Ce retour à l’esprit pétainiste m’avait beaucoup frappé lors de la campagne de Mitterrand, lorsqu’il avait dit : « Mes valeurs sont les valeurs de la société pastorale. » Maintenant, tout le monde sait que son affiche de campagne de 1981 (très différente de celle de 65 d’ailleurs) avait été faite – et on m’avait traité de fou lorsque je l’avais dit à l’époque – sur le modèle de celle que Jacques Séguéla avait conçue pour le Maréchal Pétain : « La France éternelle ». Mitterrand l’avait reprise, avec son petit village, le soleil, jouant sur ce qu’il y a de pire dans ce pays. Mitterrand, l’admirateur de Jacques Chardonne, l’écrivain de la collaboration... Dans ses Mémoires, Danielle Mitterrand mentionne une conversation très révélatrice avec son mari : « Je disais à François : « Puisque tu as le pouvoir, pourquoi est-ce tu ne t’en sers pas pour changer le pays ? » Il répondit : « Je n’ai pas le pouvoir. La France, comme tout le monde, est assujettie à une dictature financière qui gère tout. » Mitterrand s’est soumis et on sait aujourd’hui comment il a imposé, avec Margaret Thatcher, ce régime brutal à l’Europe et à l’Allemagne avec l’euro qui s’est avéré, si j’utilise un terme de la Renaissance, un « mal français »... Mon projet et ma démarche, qui seront bientôt plus complets, sont une réponse au cynisme désabusé de François Mitterrand et, pour ne pas seulement parler de lui, de tous les présidents de la République depuis Georges Pompidou, y compris Pompidou.

Pour vous engager aujourd’hui, dans ces conditions, il faut du courage, c’est vrai. Mais ne pas vous engager serait un aveuglement irresponsable, un consentement vraiment autodestructeur aux prédateurs de la City ou de Wall Street, ou simplement à l’ignorance satisfaite de votre voisin qui a peur. « N’ayez pas peur ! » comme disait quelqu’un d’autre. C’est le moment de ne pas avoir peur, comme l’on disait dans la résistance. Gandhi disait : « Soyez vous-même le changement que vous voulez voir dans le monde. » Cette façon de changer, d’être, est le défi de l’époque. C’est dans ce sens que l’on est dans une période révolutionnaire, pas pour couper des têtes ou faire couler le sang, bien entendu, mais pour accomplir une révolution de la non-violence organisée.

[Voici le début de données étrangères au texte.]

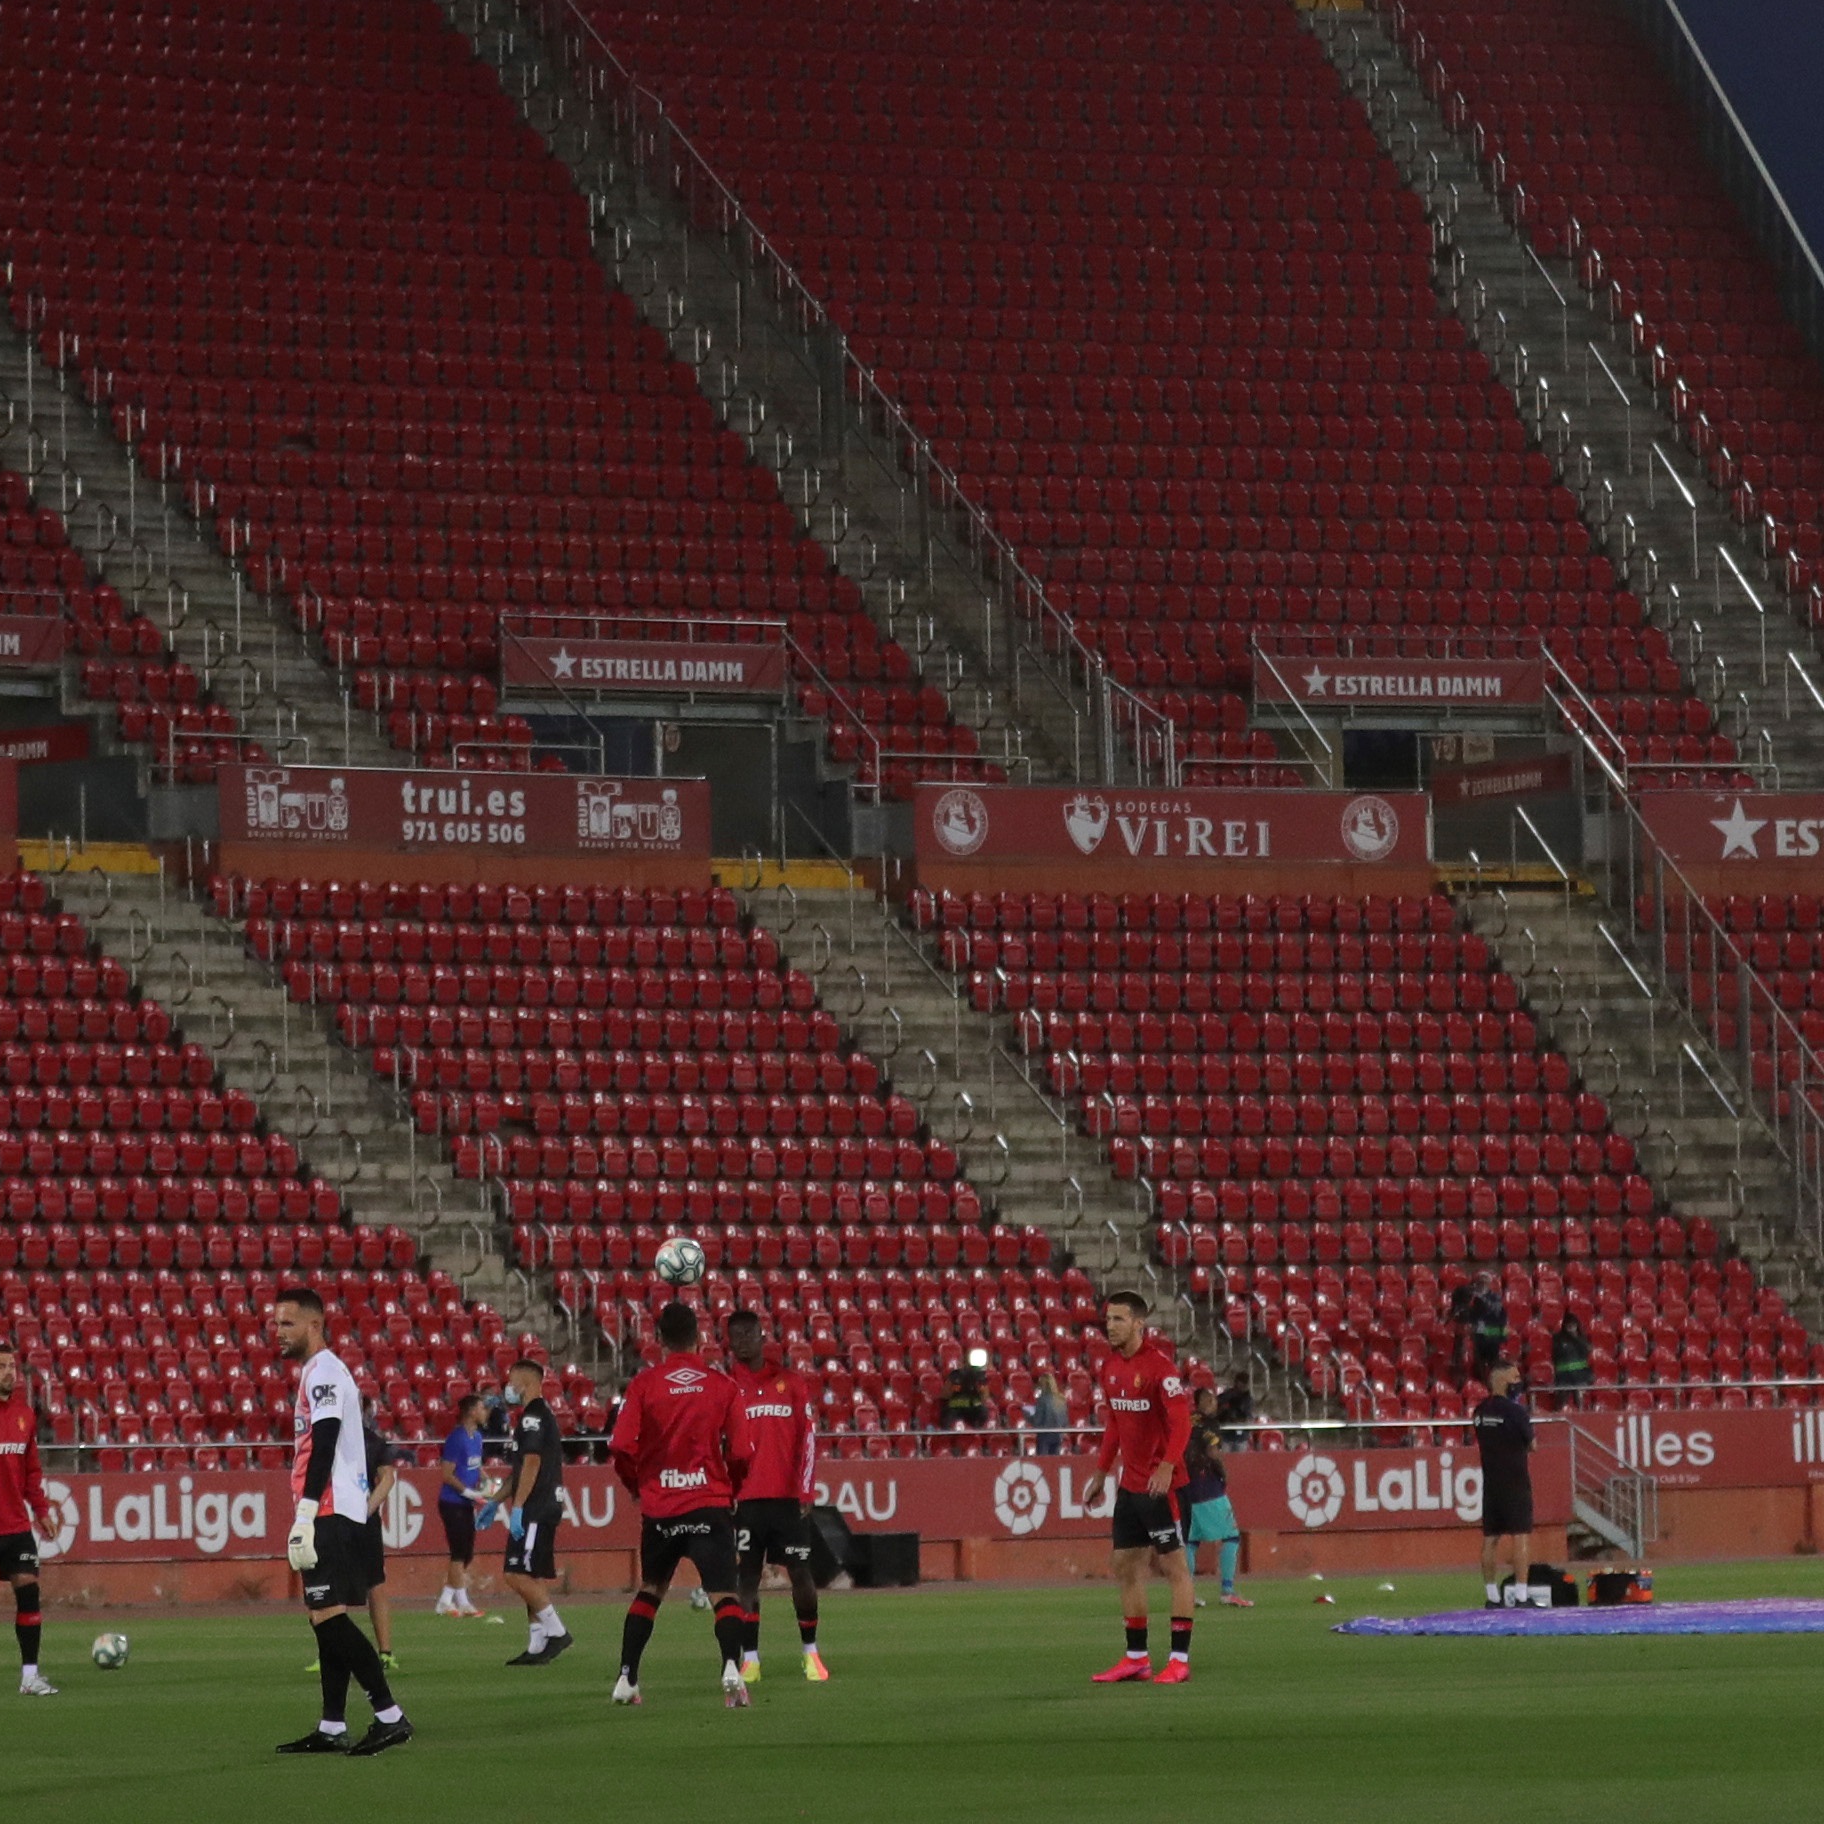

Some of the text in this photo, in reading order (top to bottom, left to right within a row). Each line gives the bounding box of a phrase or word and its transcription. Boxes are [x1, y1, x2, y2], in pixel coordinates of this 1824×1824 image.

[581, 657, 744, 683] ESTRELLA DAMM
[1335, 676, 1502, 697] ESTRELLA DAMM
[402, 779, 526, 818] trui.es
[1115, 801, 1193, 814] BODEGAS
[402, 820, 526, 845] 971 605 506
[669, 1384, 704, 1395] umbro
[1110, 1397, 1151, 1412] ETFRED
[1615, 1414, 1715, 1469] illes
[660, 1467, 707, 1489] fibwi
[1354, 1451, 1484, 1523] LaLig
[88, 1475, 267, 1554] LaLiga
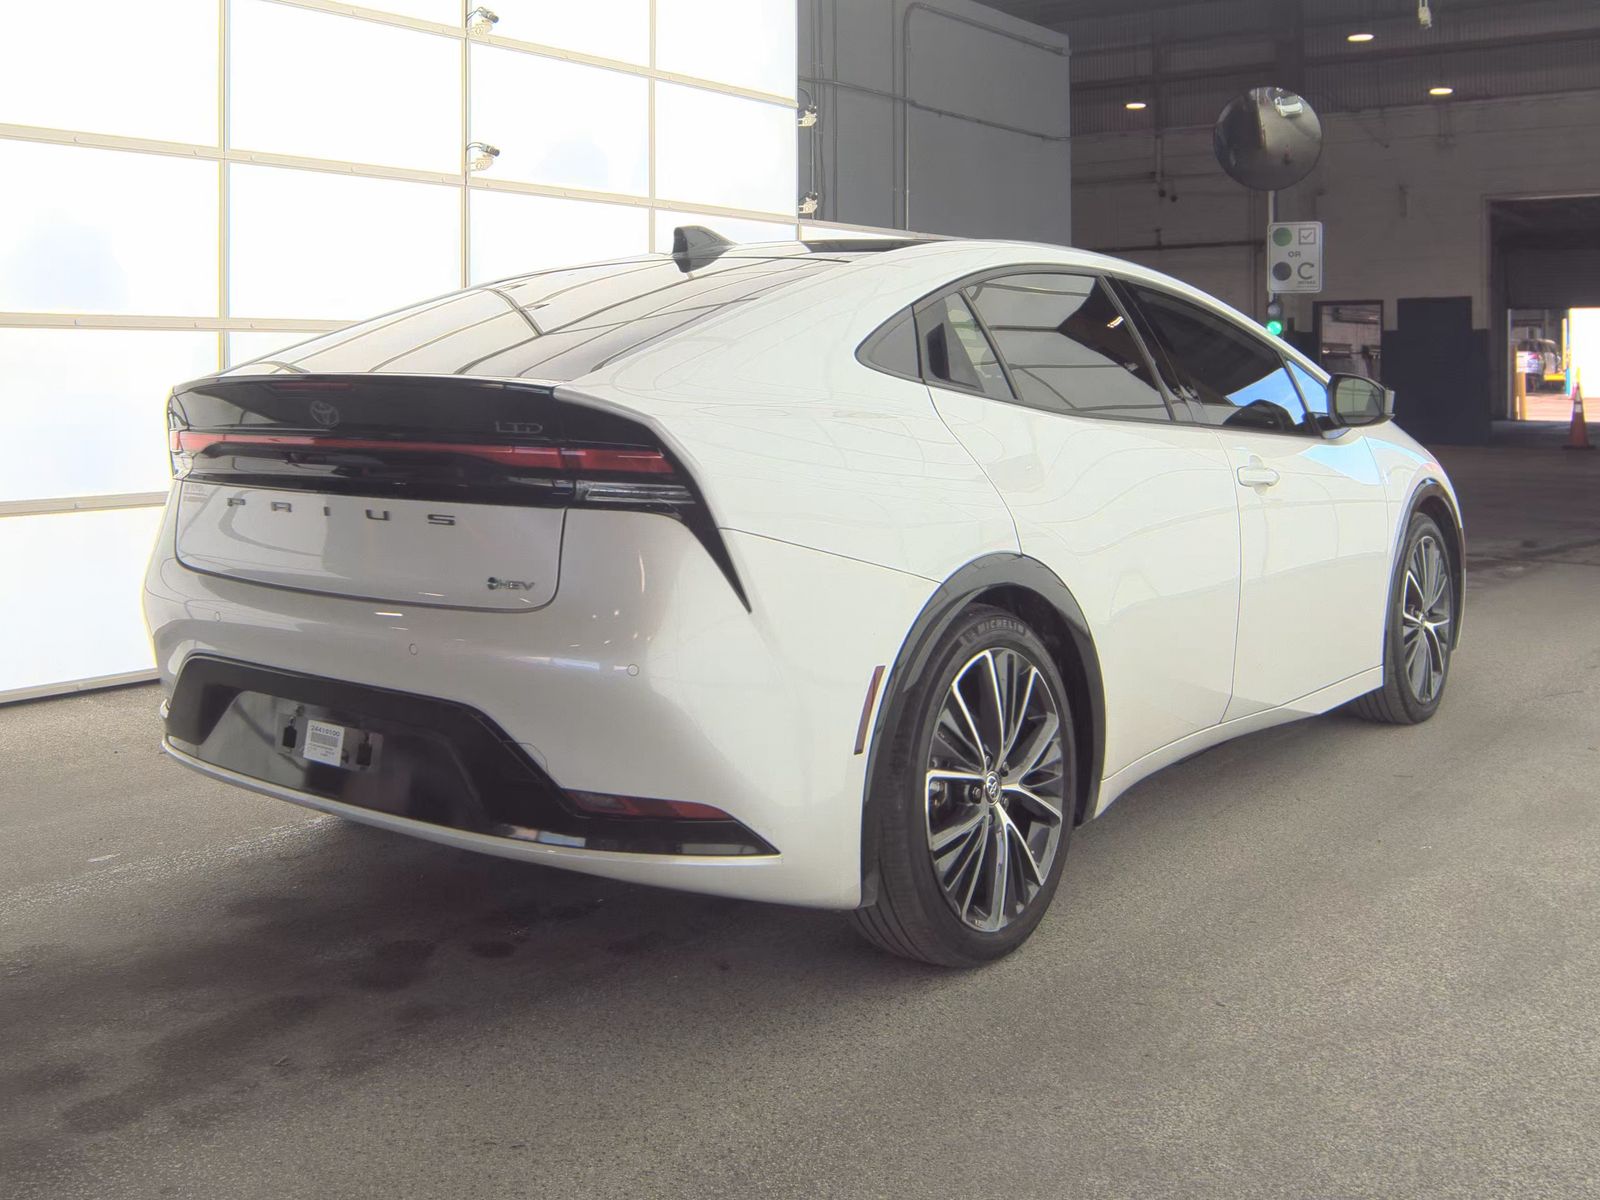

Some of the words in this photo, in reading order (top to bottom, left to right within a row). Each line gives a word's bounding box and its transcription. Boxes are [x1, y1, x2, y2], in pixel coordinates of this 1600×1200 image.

Pour finir, je voudrais reprendre quelque chose que disait Jaurès et qui correspond très bien à mon sentiment aujourd’hui. Jaurès, pour qui la nation est le seul bien des pauvres. C’est ce qu’a répété Marine Le Pen, mais en le détournant complètement de son objet. Ce que disait Jaurès, c’est qu’« il y a dans notre France, sur les problèmes vitaux, une inertie de la pensée, une somnolence de l’esprit qui nous expose à toutes les surprises. Jusqu’au jour où se produisent ces lumineux réveils qui viennent heureusement, quoiqu’à de trop longs intervalles, sauver notre pays. » Vous me direz que Jaurès et Gandhi ont été tous deux assassinés. Je répondrai : « Mieux vaut mourir debout, ayant légué à l’avenir une part d’immortalité, que de mourir en ayant vécu à peine plus longtemps, parce que la vie est courte, et en ne léguant aux générations futures qu’un estomac sur pattes » comme disait Léonard de Vinci. La victoire, c’est notre part d’immortalité que nous devons défendre, et c’est notre don aux générations à naître. Voilà le combat.